One such name is that of Dame Anne McLaren who died at the age of 80 in a car crash on July 7, 2007. A leading mammalian geneticist, she made pioneering contributions to the field of development biology which ultimately led to IVF. She herself started her career in biological sciences under the tutorship of stalwarts like Peter Medawar and JBS Haldane.

Her research, primarily restricted to mice, included all areas of fundamental importance, such as hormonal control of ovulation, oocyte transfer, placental and foetal growth, and interactions between embryo and uterus during implantation.  In 1958, working with John Biggers at University College London, she achieved the first successful birth of mice that had been grown in vitro for 24 hours.

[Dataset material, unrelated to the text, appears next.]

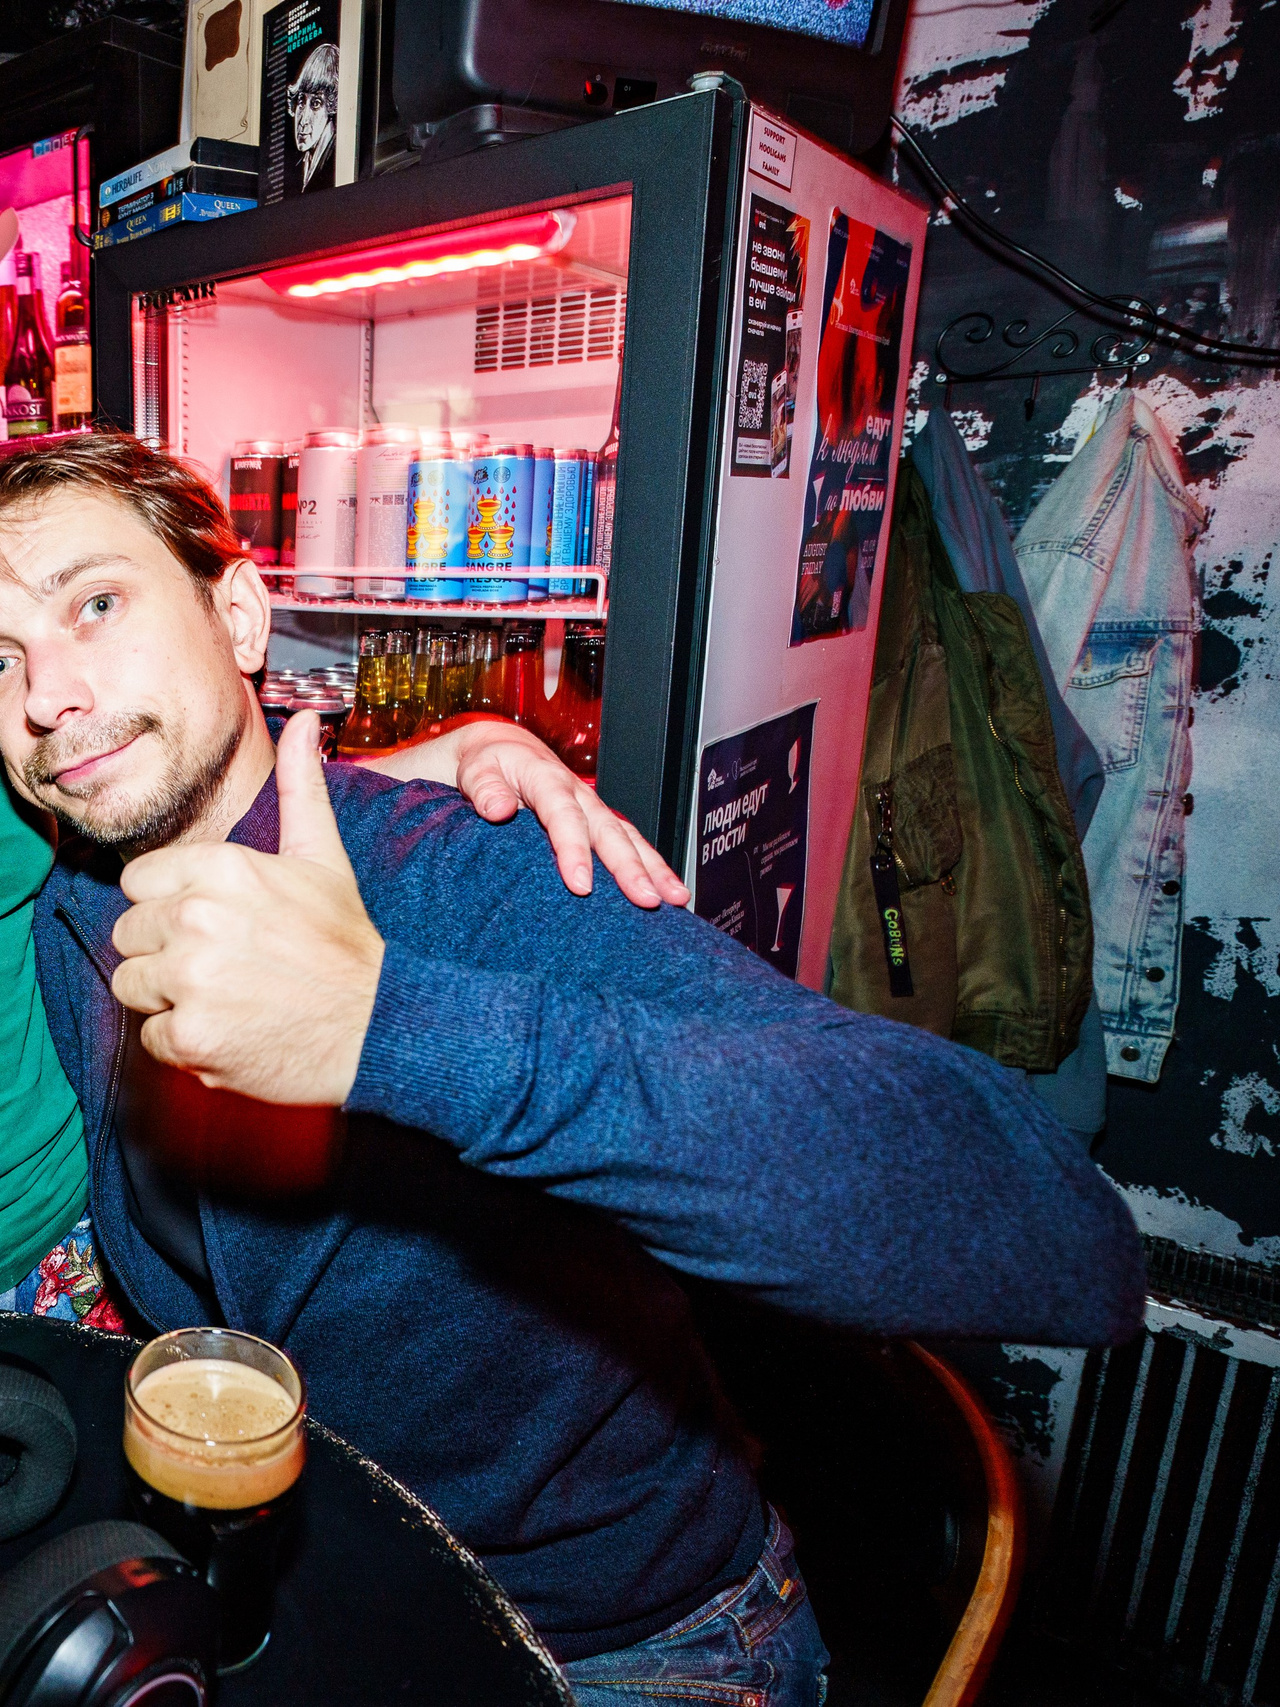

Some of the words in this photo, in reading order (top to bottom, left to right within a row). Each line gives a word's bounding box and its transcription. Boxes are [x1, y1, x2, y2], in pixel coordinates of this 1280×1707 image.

It is this work that provided a better understanding of early embryonic development ultimately leading to the birth of Louise Brown. Her later work focused on the development of primordial germ cells.

Her work was not restricted to the laboratory and played an important role in defining the ethical and legal implication of ART. As a member of the Warnock Committee she helped to lay the groundwork for the Human Fertilisation and Embryology Act of 1990, which served as a model for similar acts in other parts of the world.

IVF.NET pays its tribute to this doyenne of ART.


Professor Dame Anne Laura Dorinthea McLaren, DBE D.Phil. FRS FRCOG (April 26, 1927 - July 7, 2007)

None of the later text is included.